More than one in three American adults have high cholesterol, which can lead to serious health problems like heart disease and stroke. The best remedies we have right now are cholesterol-lowering drugs called statins, a diet rich in vegetables and low in fat, and good old-fashioned exercise. But in the future, there may be another way to reduce our cholesterol levels.
A study published last week in Nature described how a team of scientists from the University of Pennsylvania and biotech company Verve Therapeutics used the gene editing tool CRISPR to lower LDL cholesterol in monkeys by 60 percent in just one week. And, the monkeys’ cholesterol levels stayed low for over eight months after a single dose of the treatment.
Because of the health problems associated with too much of it, we often think of cholesterol as a bad thing. But it’s actually essential to multiple functions in the body; cholesterol helps form the protective layer of the cell membrane, and helps the body make bile, vitamin D, and certain hormones.
The two main types of cholesterol are LDL and HDL, or low-density lipoprotein and high-density lipoprotein. LDL is the bad guy, as an excess of it often means it starts building up on artery walls. In extreme (but not so rare, if you look at heart disease rates) cases, LDL cholesterol can cause a total blockage of an artery and lead to a heart attack.
A Key Gene
A gene called PCSK9 is in charge of making a protein (of the same name) that regulates cholesterol. Mainly active in the liver, the protein doesn’t break down cholesterol directly, but breaks down the receptors on the surface of liver cells that bind to LDL particles. Too much PCSK9 protein means more breakdown of receptors, which means fewer receptors standing ready on cells to do their job of removing cholesterol from the blood.
Conversely, if there’s less PCSK9 floating around in the blood, more LDL receptors will bind to cells, and more cholesterol will get cleaned out of the system.
In the study, the team manipulated the PCSK9 gene by changing a single nucleotide from A to G at a specific location. The adenine base editors, which don’t cut the DNA strand like the original CRISPR-Cas9 tool does, were encoded in mRNA then injected into the monkeys using lipid nanoparticles (these are, in simple terms, tiny balls of fat, and were a key ingredient in the mRNA Covid-19 vaccines).

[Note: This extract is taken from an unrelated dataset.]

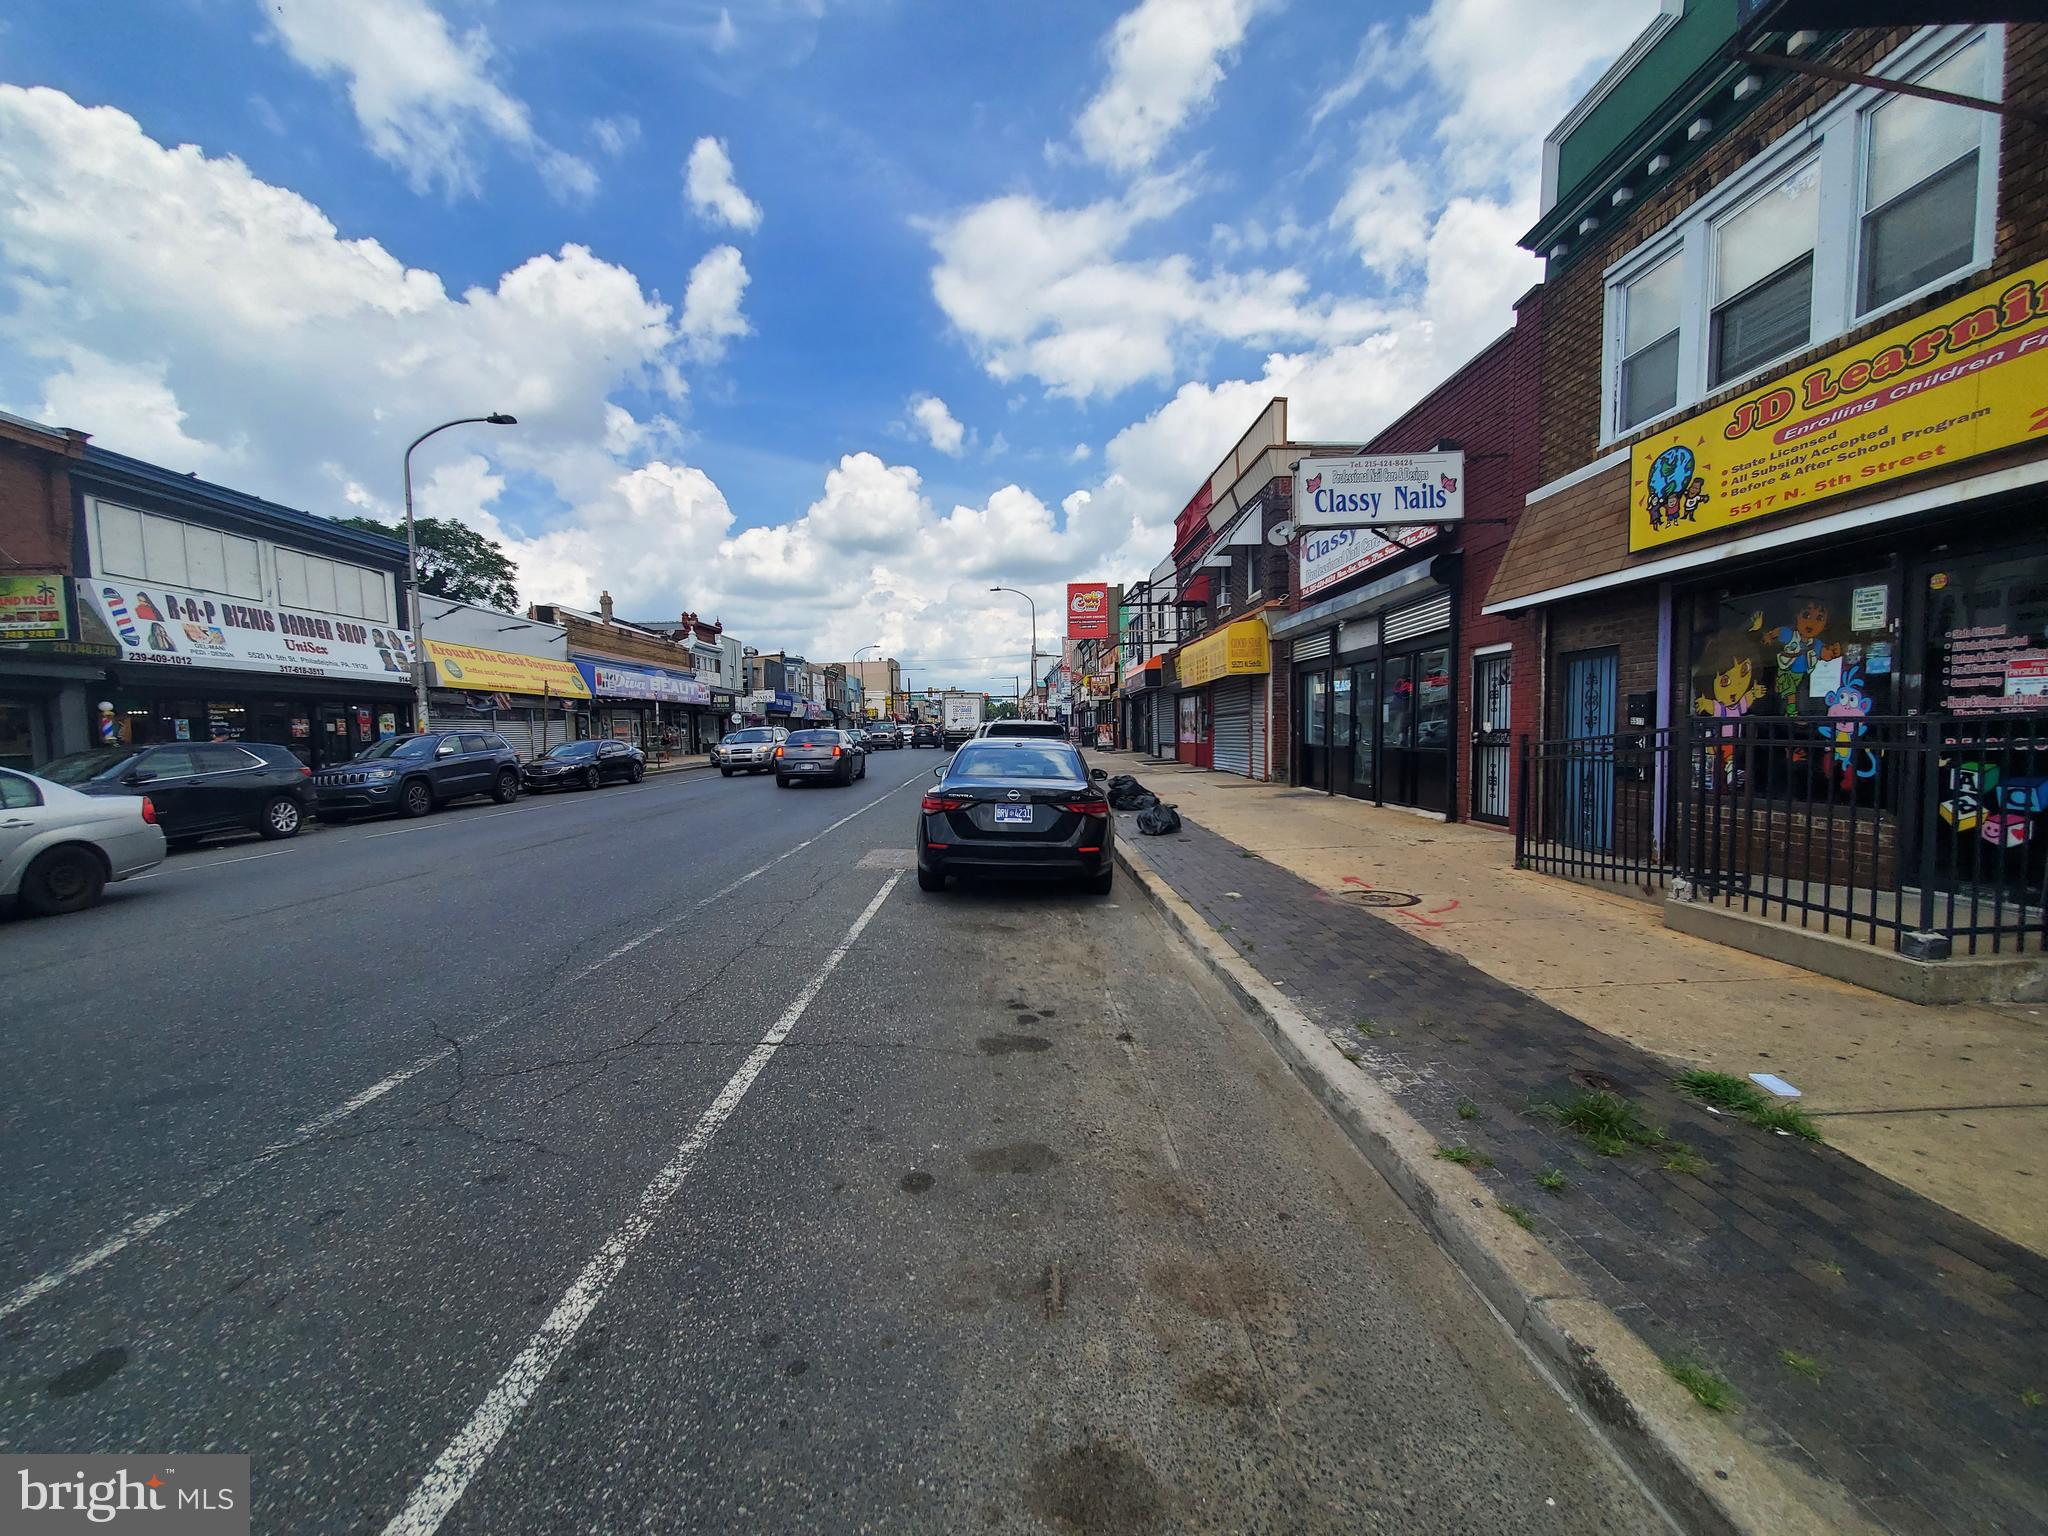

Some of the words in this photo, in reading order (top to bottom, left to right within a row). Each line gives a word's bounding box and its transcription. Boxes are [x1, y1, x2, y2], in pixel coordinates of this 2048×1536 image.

This seemingly tiny edit to the gene was enough to largely disable it; the gene stopped making as much PCSK9 protein, so there were more receptors on the monkeys’ liver cells to absorb and break down the cholesterol in their blood.
The result? The monkeys’ LDL cholesterol levels went down by an average of 65 percent within a week after receiving the treatment. Monkeys that received a higher dose of the treatment (but still just one injection) had their LDL stay 60 percent lower for 8 months—and counting.
Blocking the PCSK9 protein isn’t a new idea. The FDA approved the first two PCSK9 inhibitors—alternatives to statins—in 2015. The drugs need to be injected into recipients every two to four weeks. Other therapies that target PCSK9 also require frequent dosing, from every six months down to every day.
A study similar to this one was done in 2020, also led by Verve Therapeutics; it showed a 59 percent decrease in monkeys’ LDL cholesterol after 2 weeks, but didn’t report on longer-term effects.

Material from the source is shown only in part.